Howdy from Fort Worth,

New members to this site. I have been reading some of the forms the last few days and decided to join. My name is Philip married to a beautiful gal named Pam with two great sons Marshall (5 years) and Matthew (2 years). We recently bought a older Catalina 25 (December 2007) and have been enjoying taking her out as much as possible. We keep her on Eagle Mountain Lake stored at the Harbor One Marina on F dock. Just had the boat pulled and a bottom job done last week and I am anxious to try her out now that she has been put back into the water. Boat is in good shape for her age and sails well, very forgiving.

I also get a chance to race on a Santana 35 at the Fort Worth Boat Club from time to time. A nice club with very active members.

We also are into RVing and own a 35' Jayco fifth wheel travel trailer. Actually I found this site by doing research on adding a boat to use while RVing. I was checking out PortaBote's and saw a discussion link to this site. We are wanting to add a nice small boat to the RV set up so that we can enjoy the beautiful lakes we visit while camping. My oldest son loves to fish and we figure a small boat can take us to where the fish are. There was a thread on Sailnet.com about the Portabotes that caught my eye. After I read that complete post I started reading others and liked what I was reading. This seems to be a great site with some very smart members that are willing to share their knowledge.
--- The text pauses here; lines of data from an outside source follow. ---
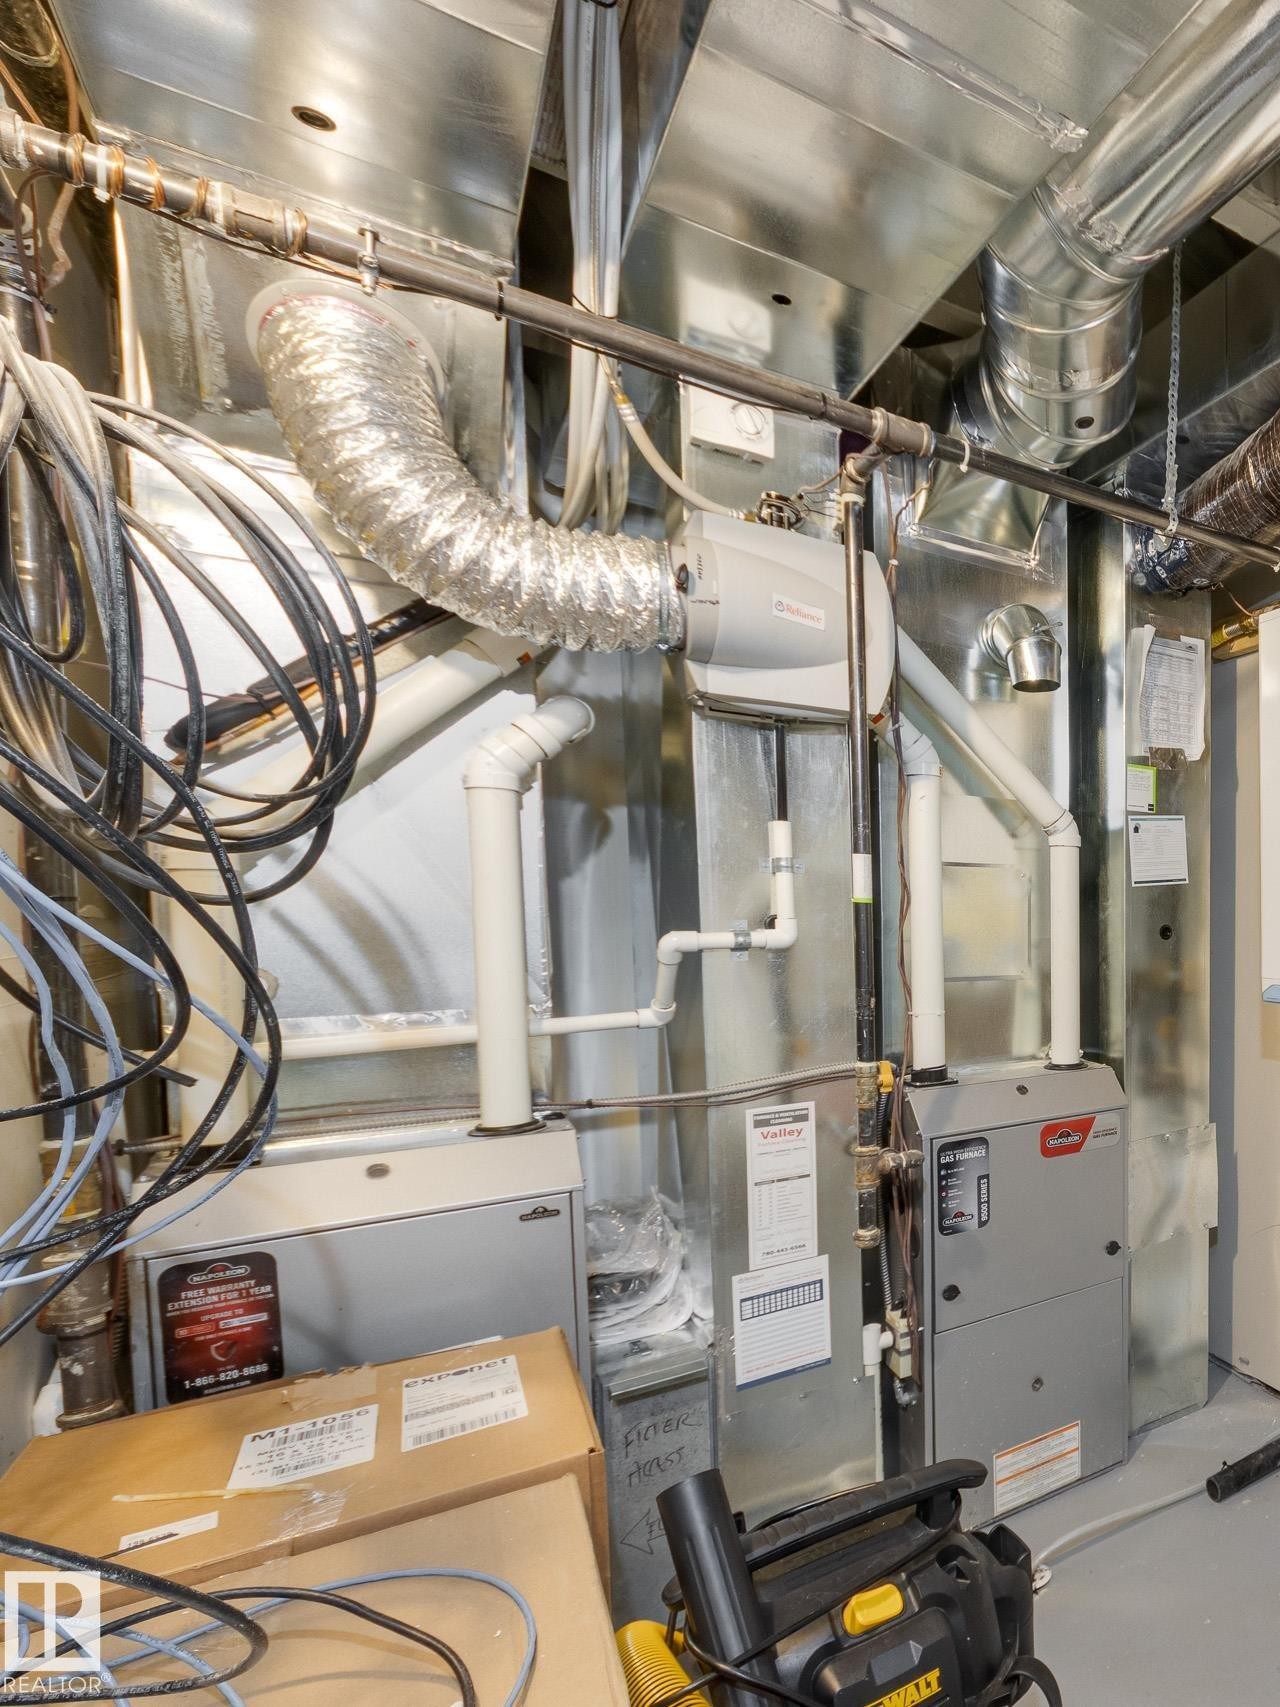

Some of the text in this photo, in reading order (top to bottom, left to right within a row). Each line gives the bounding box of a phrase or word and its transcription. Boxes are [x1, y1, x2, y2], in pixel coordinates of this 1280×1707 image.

[786, 604, 822, 624] Reliance
[761, 1128, 803, 1140] Valley
[1048, 1135, 1080, 1146] NAPOLEON
[940, 1149, 986, 1163] GAS FURNACE
[945, 1214, 973, 1225] NAPOLEON
[191, 1267, 246, 1282] NAPOLEON
[181, 1280, 256, 1299] FREE WARRANTY
[167, 1294, 219, 1311] EXTENSION
[220, 1290, 239, 1300] FOR
[249, 1285, 272, 1295] YEAR
[250, 1408, 371, 1443] M1-1056
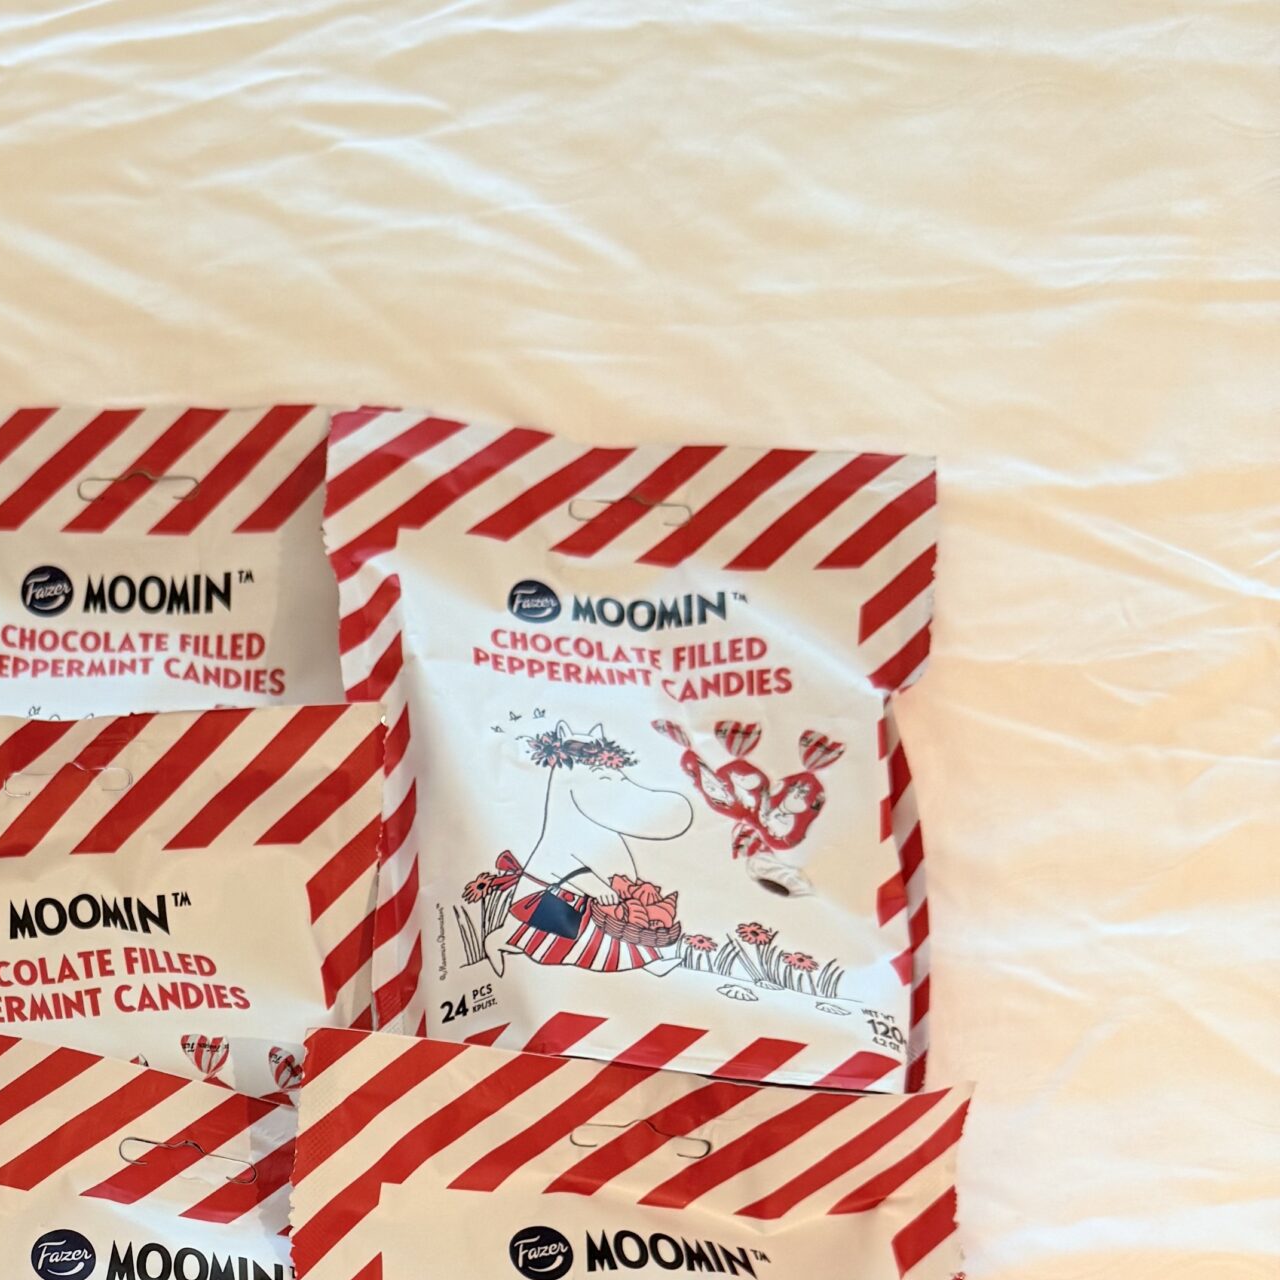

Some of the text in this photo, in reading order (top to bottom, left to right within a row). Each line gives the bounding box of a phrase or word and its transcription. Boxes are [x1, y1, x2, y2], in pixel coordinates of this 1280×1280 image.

[1, 625, 265, 660] CHOCOLATE FILLED
[491, 629, 767, 672] CHOCOLATE FILLED
[164, 658, 285, 696] CANDIES
[473, 647, 652, 686] PEPPERMINT
[123, 947, 217, 977] FILLED
[114, 981, 251, 1013] CANDIES
[472, 983, 493, 1000] PCS
[439, 994, 469, 1024] 24
[867, 1018, 907, 1046] 120
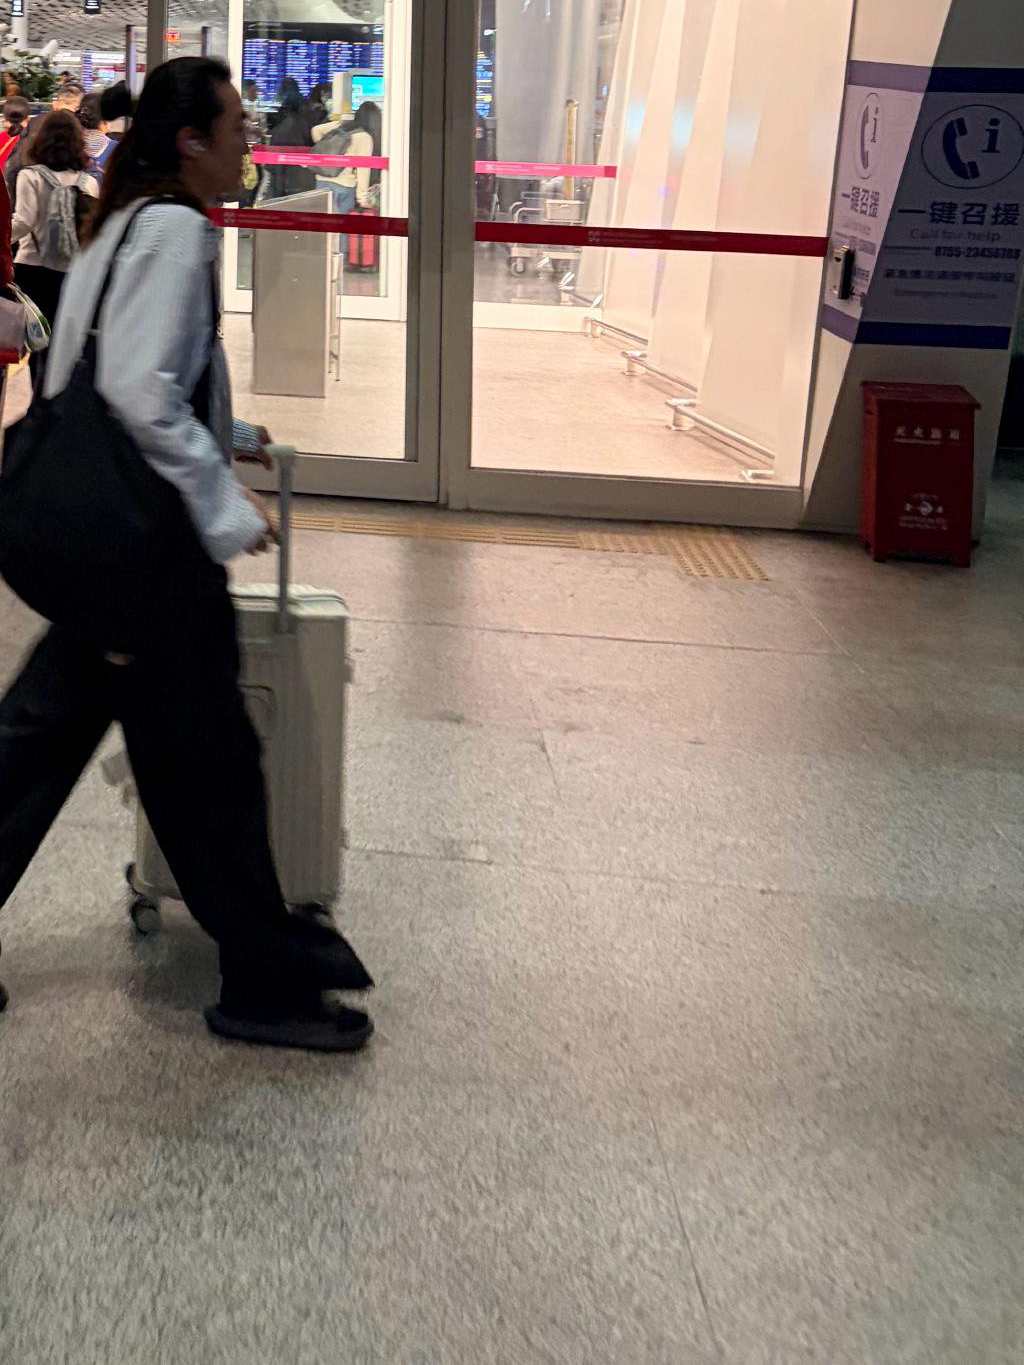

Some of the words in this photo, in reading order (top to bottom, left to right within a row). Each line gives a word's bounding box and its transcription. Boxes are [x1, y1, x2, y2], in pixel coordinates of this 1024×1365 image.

[898, 201, 1021, 226] 一键召援
[967, 230, 1001, 243] help
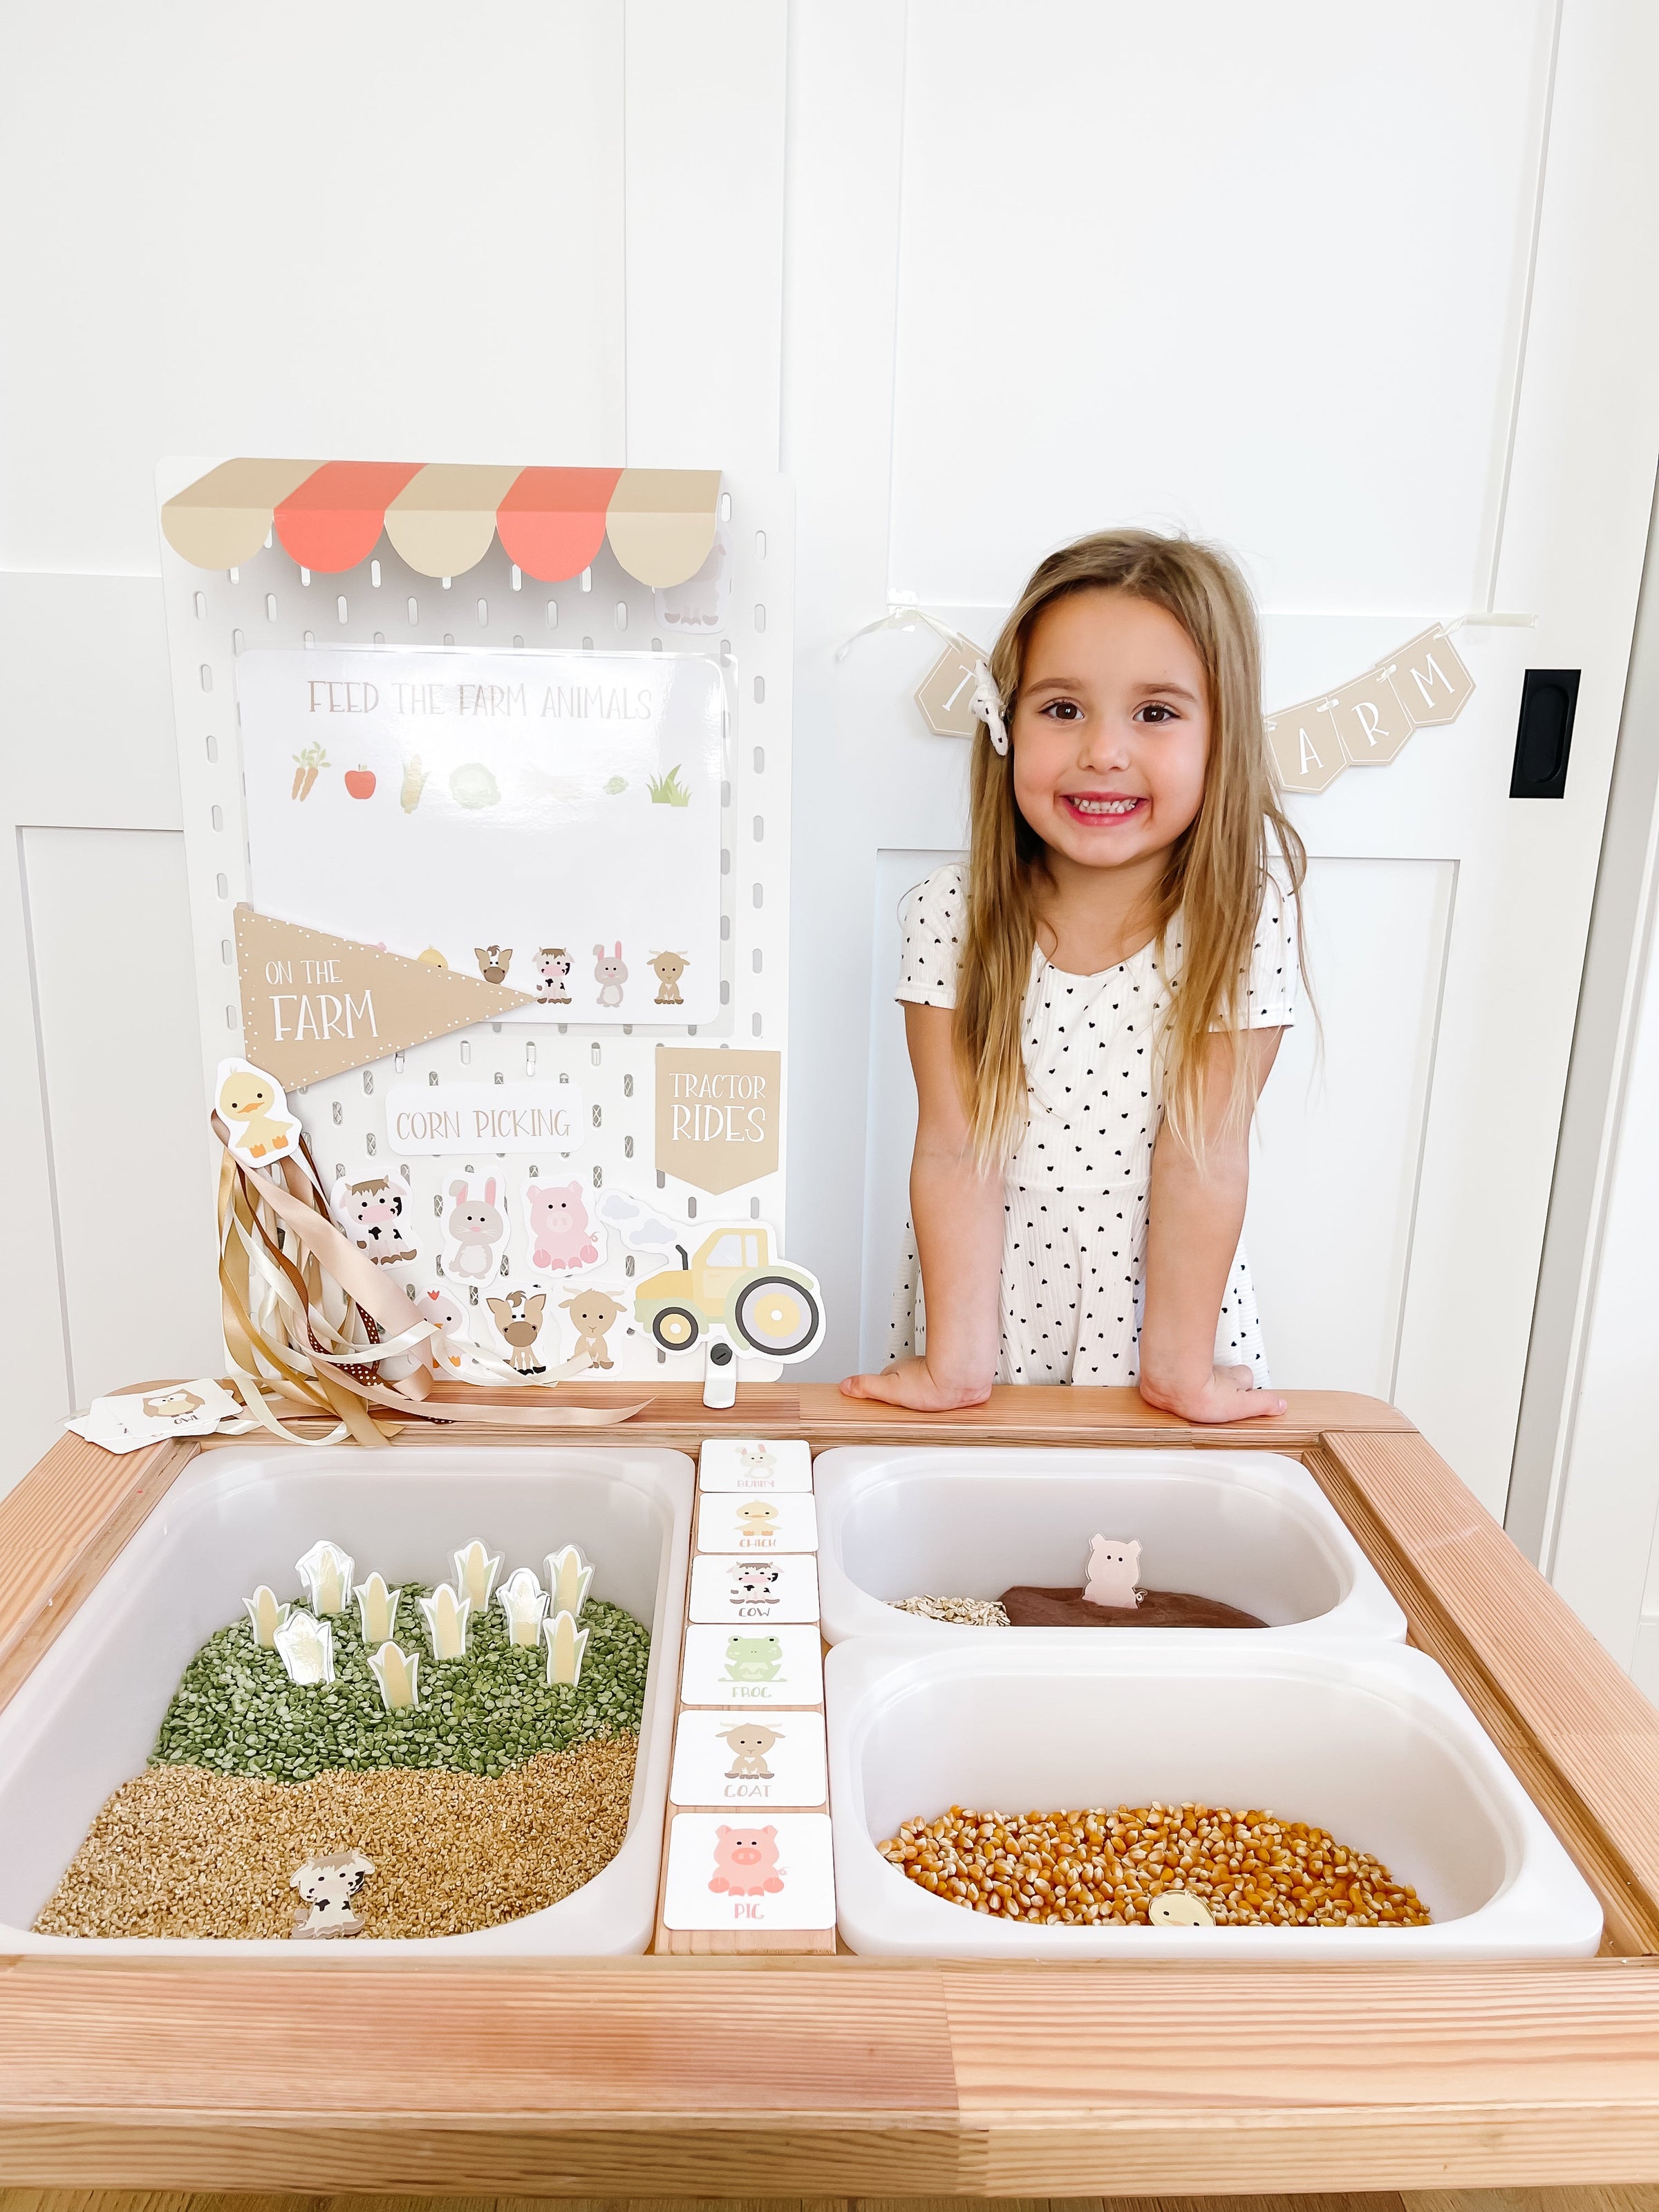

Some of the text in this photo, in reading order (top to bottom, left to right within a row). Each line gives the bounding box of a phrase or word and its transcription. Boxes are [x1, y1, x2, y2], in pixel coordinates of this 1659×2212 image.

[308, 680, 652, 720] FEED THE FARM ANIMALS
[1299, 653, 1456, 775] ARM
[265, 959, 343, 985] ON THE
[268, 990, 379, 1042] FARM
[669, 1073, 766, 1100] TRACTOR
[396, 1109, 571, 1140] CORN PICKING
[670, 1104, 767, 1143] RIDES
[174, 1414, 200, 1425] OWL
[739, 1539, 776, 1548] CHICK
[738, 1607, 770, 1618] COW
[731, 1687, 772, 1698] FROG
[724, 1785, 771, 1798] GOAT
[734, 1903, 765, 1920] PIG
Have a great spring and thanks for letting me join your group.

Sincerely,

Philip Dickson


----------



## SimonV (Jul 6, 2006)

Welcome aboard.


----------



## TSOJOURNER (Dec 16, 1999)

Philip,
Welcome to Sailnet. You've love this place.


----------



## TSOJOURNER (Dec 16, 1999)

Phil, Pam, Marshall and Matt. I'm sure you will enjoy that boat. theres a guy on here named Camaraderie that would probably love to hear of your RV'ing experiences


----------